L'article ci-dessus
comprenant de nombreuses lacunes et erreurs, un complément
d'information s'avère nécessaire.
Dans son livre
“ Les lois naturelles de l'enfant”, Céline Alvarez décrit
un enseignement expérimental en classe de maternelle qui cherche à
valoriser au mieux le potentiel d’apprentissage et d'altruisme des
jeunes enfants, révélé par les récentes recherches en
neurosciences et sciences sociales. Sa pratique s'inspire des
principes d'autonomie accompagnée et structurée décrits par le Dr
Maria Montessori au siècle dernier.
Les chercheurs et scientifiques qui ont
suivi cette classe située en ZEP, sont unanimes sur les résultats
très positifs qui se situent parmi les meilleurs de leur classe
d'age en terme de lecture et de compréhension de texte ainsi qu'en
arithmétique.
Cette expérience peut générer
différentes attitudes: l'adhésion, la curiosité, l'indifférence
ou le rejet.
C'est ce dernier parti pris qui
caractérise l'article de François Jarraud.
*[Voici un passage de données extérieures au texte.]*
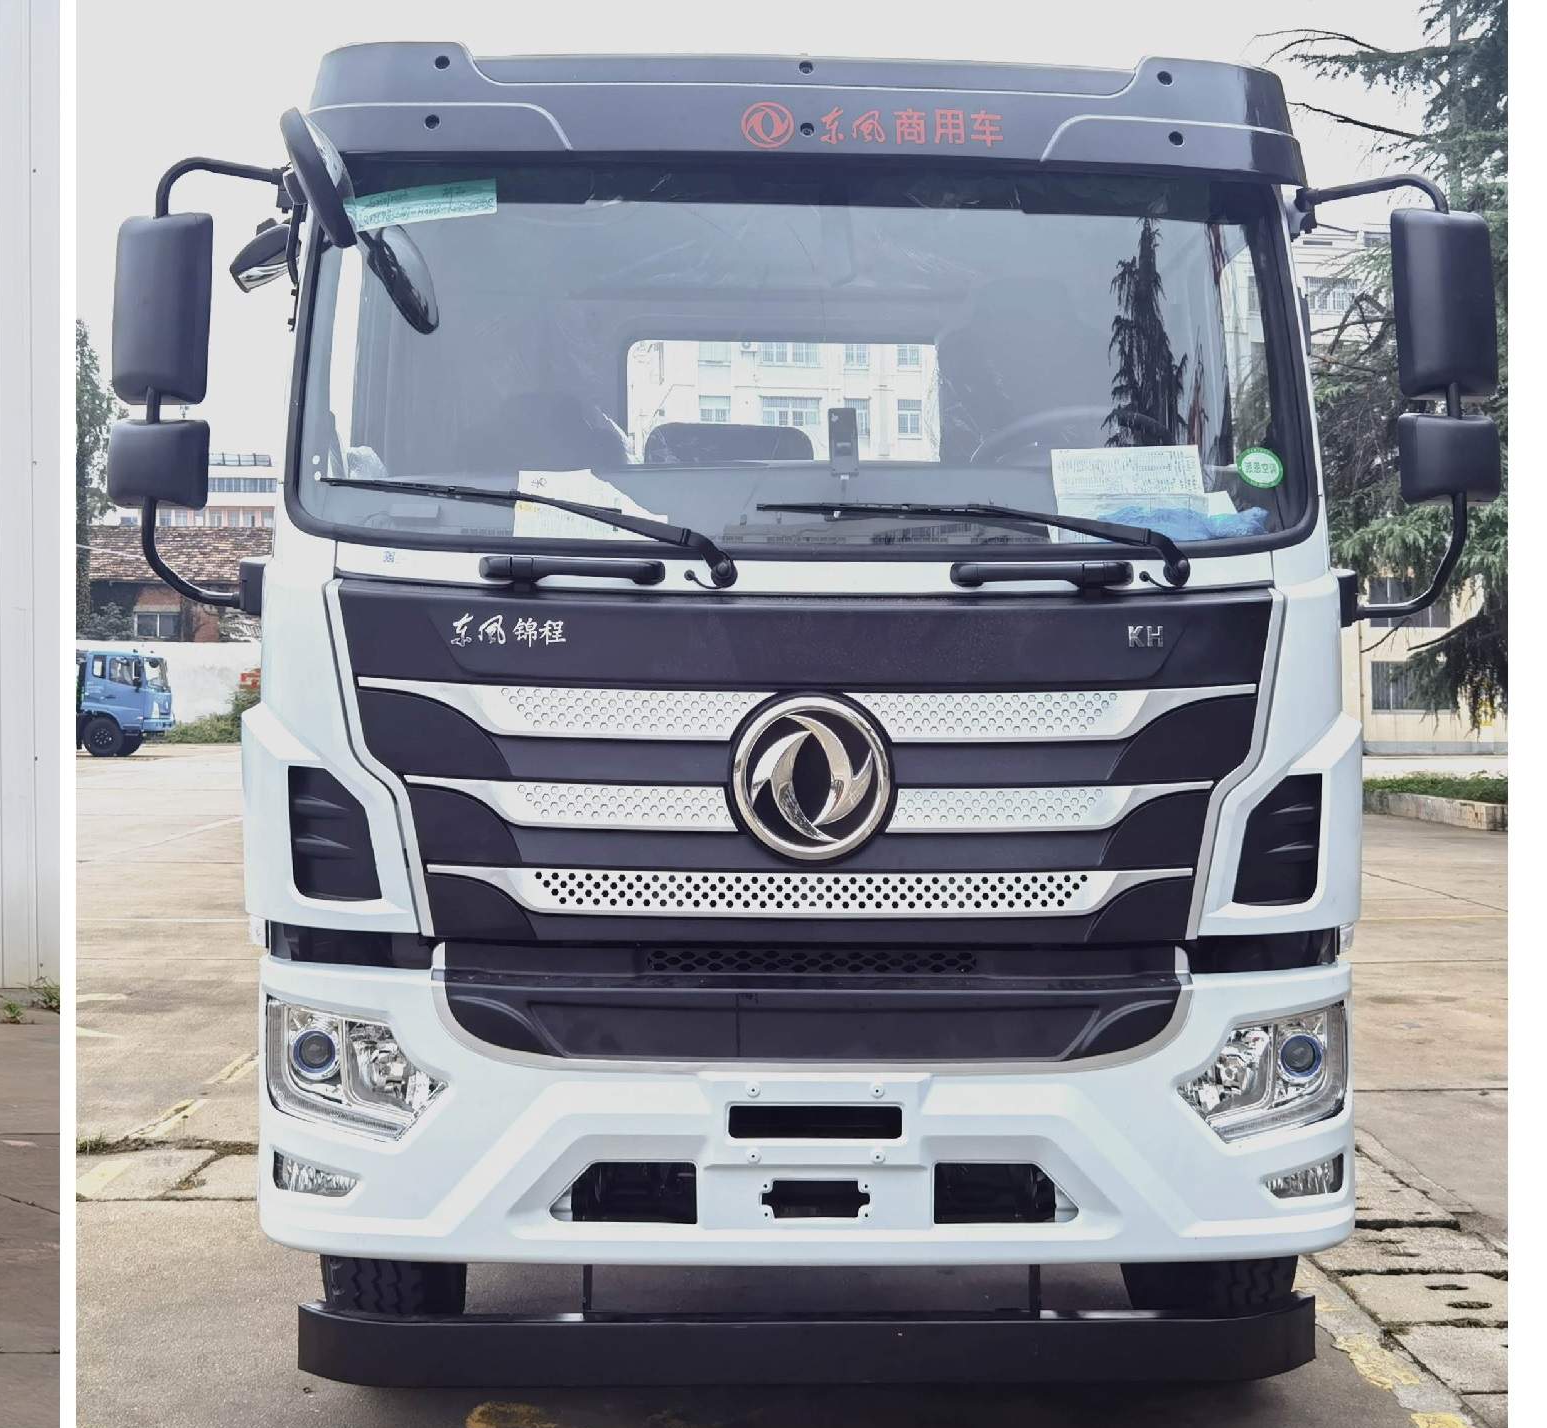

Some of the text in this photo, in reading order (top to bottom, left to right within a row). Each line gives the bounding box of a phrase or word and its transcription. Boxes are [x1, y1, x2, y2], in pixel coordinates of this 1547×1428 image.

[819, 105, 1005, 148] 东风商用车
[450, 612, 567, 648] 东风锦程
[1127, 625, 1164, 648] KH
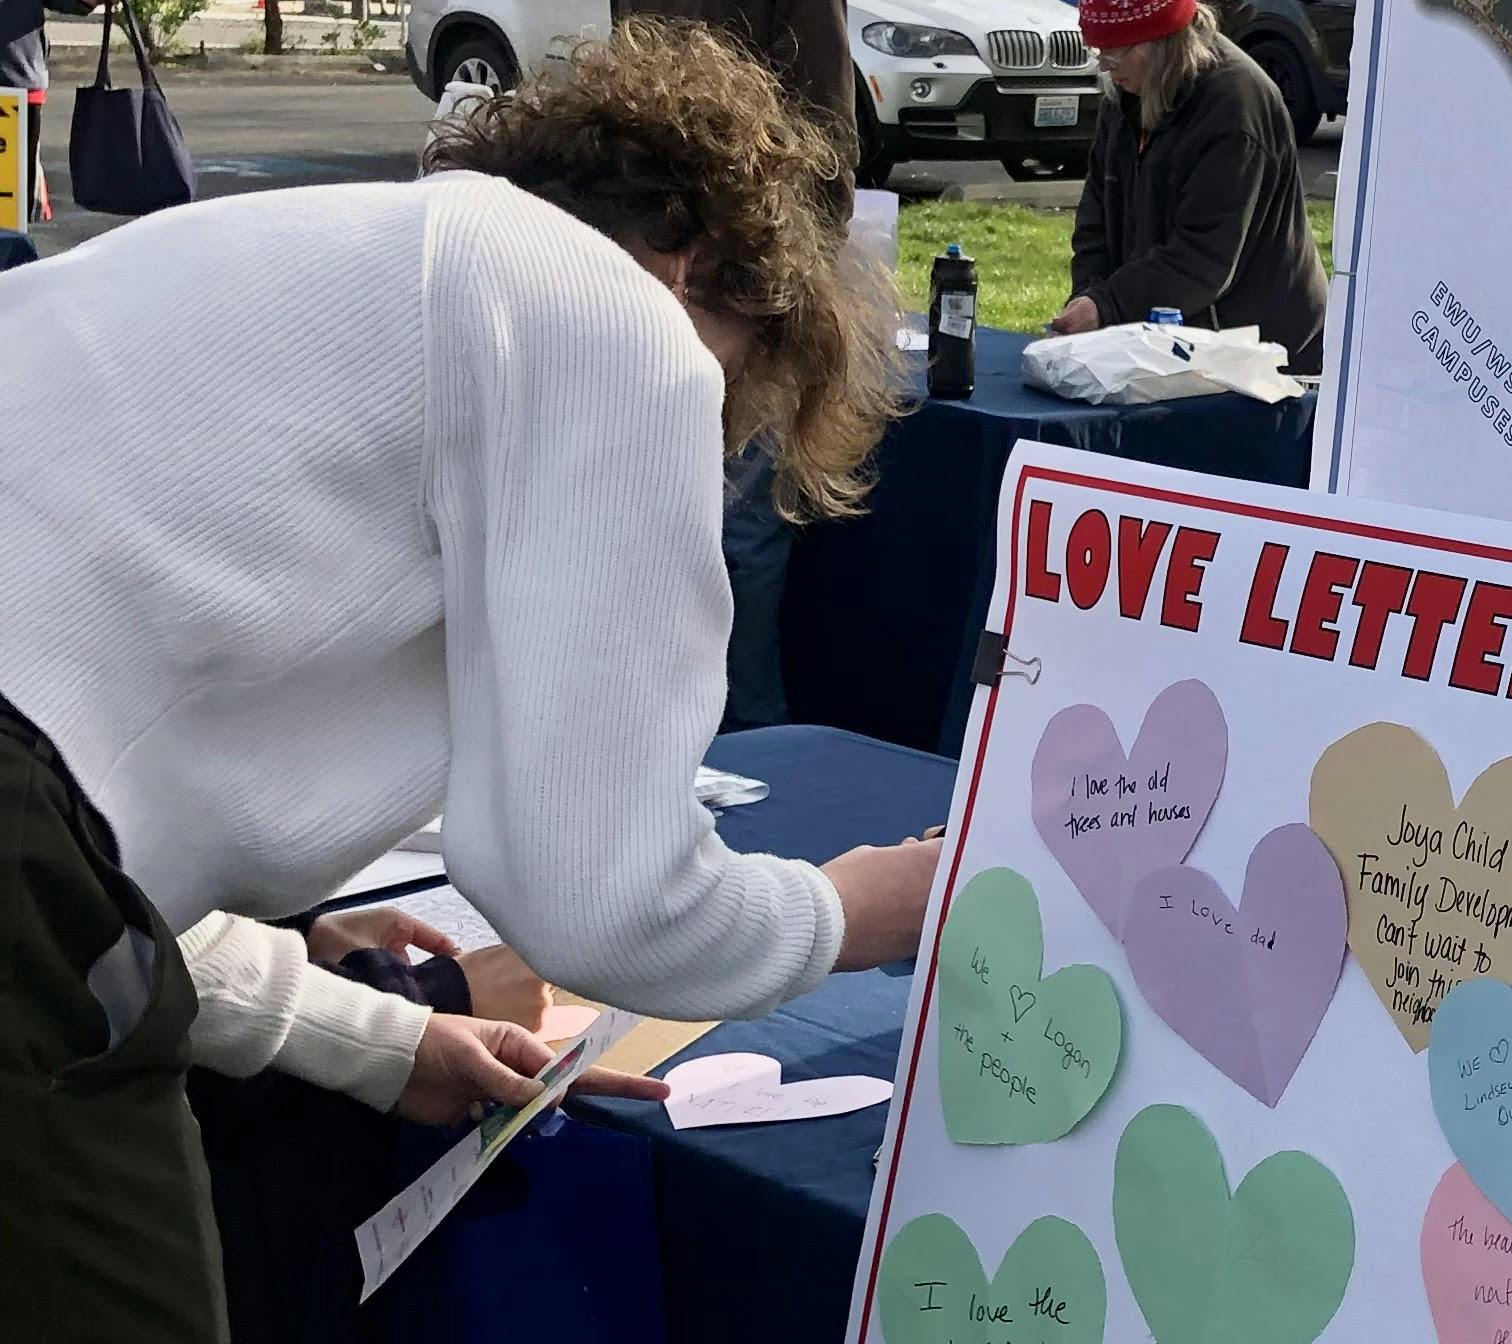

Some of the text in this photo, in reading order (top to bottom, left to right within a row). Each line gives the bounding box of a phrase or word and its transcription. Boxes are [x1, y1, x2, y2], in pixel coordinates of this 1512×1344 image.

[1025, 499, 1222, 633] LOVE
[1085, 773, 1110, 799] love
[1114, 773, 1138, 799] the
[1147, 761, 1171, 793] old
[1064, 801, 1192, 840] trees and houses
[1386, 803, 1443, 869] Joya
[1452, 819, 1510, 873] Child
[1357, 852, 1430, 922] Family
[1159, 895, 1175, 910] I
[1249, 927, 1278, 952] dad
[1423, 930, 1467, 966] wait
[1473, 942, 1493, 974] to
[970, 946, 1091, 1080] We Logan
[953, 1023, 1038, 1105] the people
[914, 1281, 1070, 1325] I love the
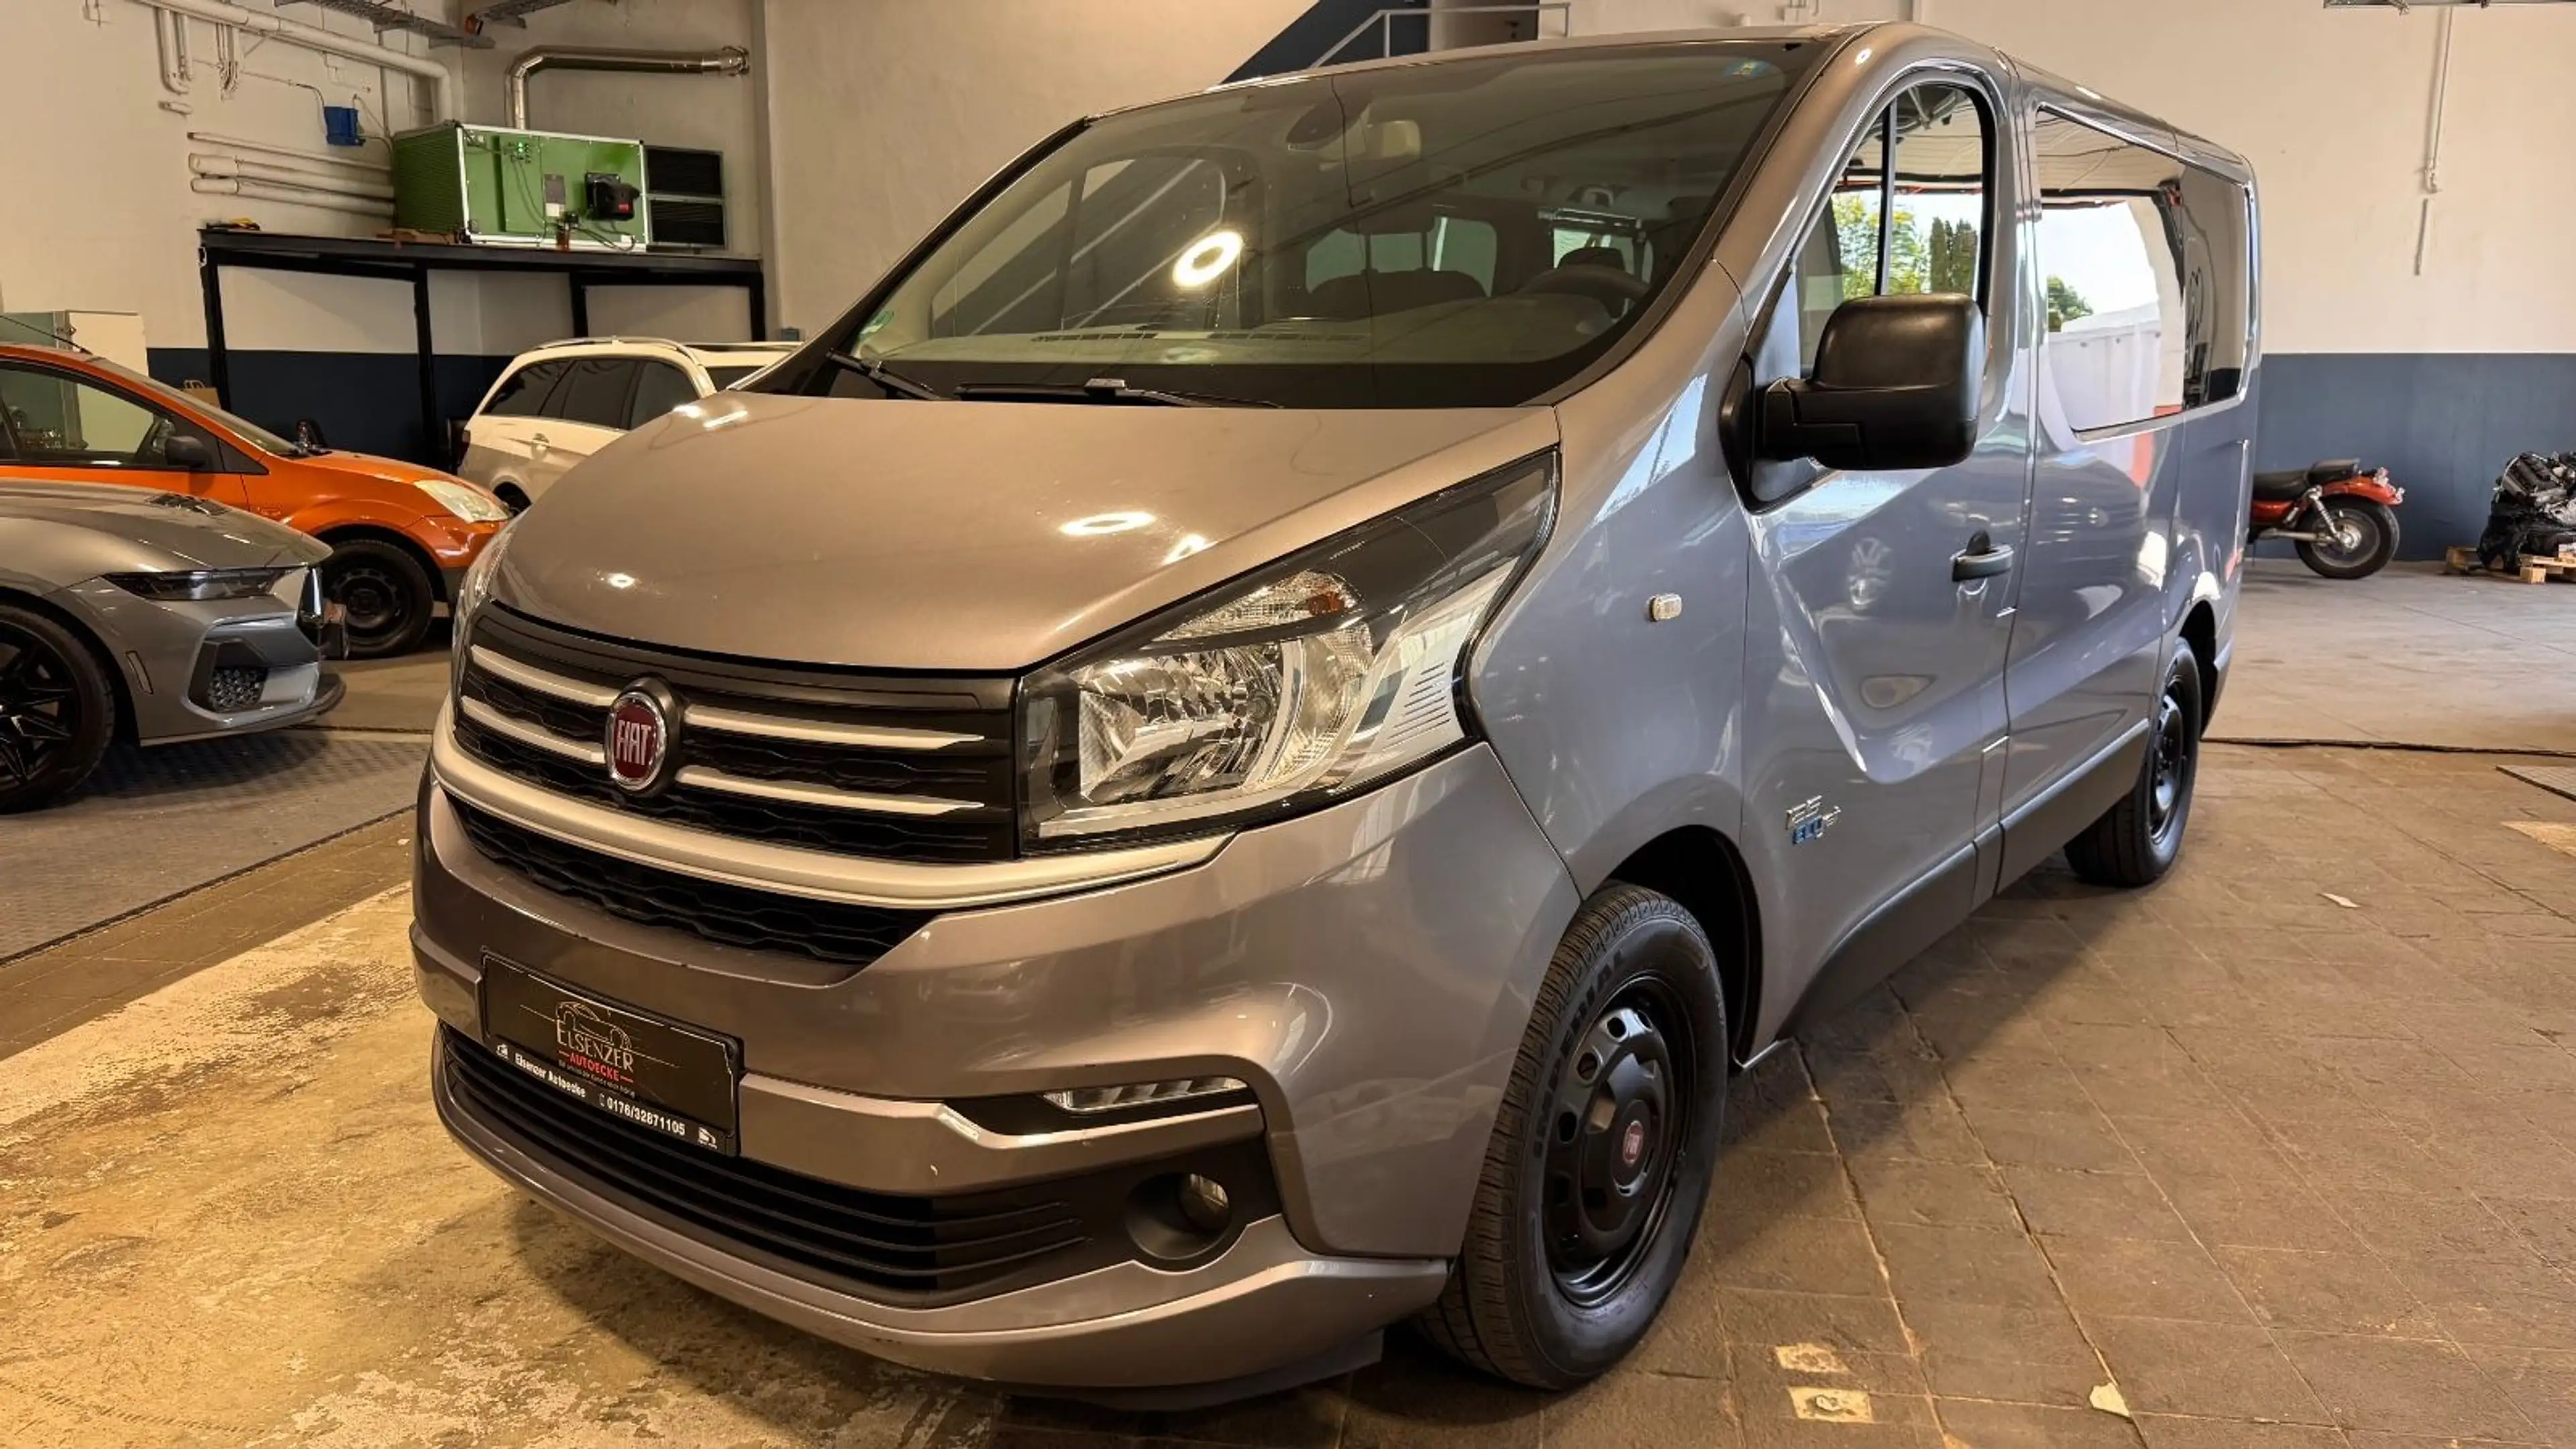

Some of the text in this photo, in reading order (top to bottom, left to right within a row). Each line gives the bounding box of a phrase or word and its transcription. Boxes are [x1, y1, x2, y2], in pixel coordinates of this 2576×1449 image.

[616, 719, 651, 766] FIAT
[555, 1018, 634, 1073] ELSENZER
[515, 1052, 547, 1079] Elsenzer
[569, 1051, 621, 1082] AUTOECKE
Alors que plus d'un
millier d'enseignants de maternelle s'inspirent de Céline Alvarez,
Mr Jarraud a choisi de donner la parole à 3 instits qui semblent
plus critiquer l'idée qu'elles se font de “l'approche Montessori”,
que la réalité des enseignements de Céline Alvarez telles que
décrites dans « Les lois naturelles de l'enfant ».
Un des principaux reproches fait à la
classe de C. Alvarez serait l'absence de socialisation; Le temps en
classe entière serait insuffisant, “le reste du temps [est
passé] en travail individuel (...) une telle répartition c'est
aller vers l'individualisme” selon
cet article.
C'est oublier un
des principes fondamentaux de la classe expérimentale de
Genevilliers, à savoir le travail en petits groupes et l'interaction
libre entre enfants d'ages différents. Ce qui a déjà bien peu de rapport
avec l'individualisme :
"Aucun enseignant ne peut rivaliser
avec la facilité de transmission des savoirs entre enfants d'age
différents, la fascination qu'exerce un enfant de 5 ans sur un
enfant de 3 ans est exceptionnelle, tout comme l'enthousiasme spontané
à vouloir aider les camarades qui en ont besoin. La connaissance
circulait entre les enfants à une vitesse extraordinaire.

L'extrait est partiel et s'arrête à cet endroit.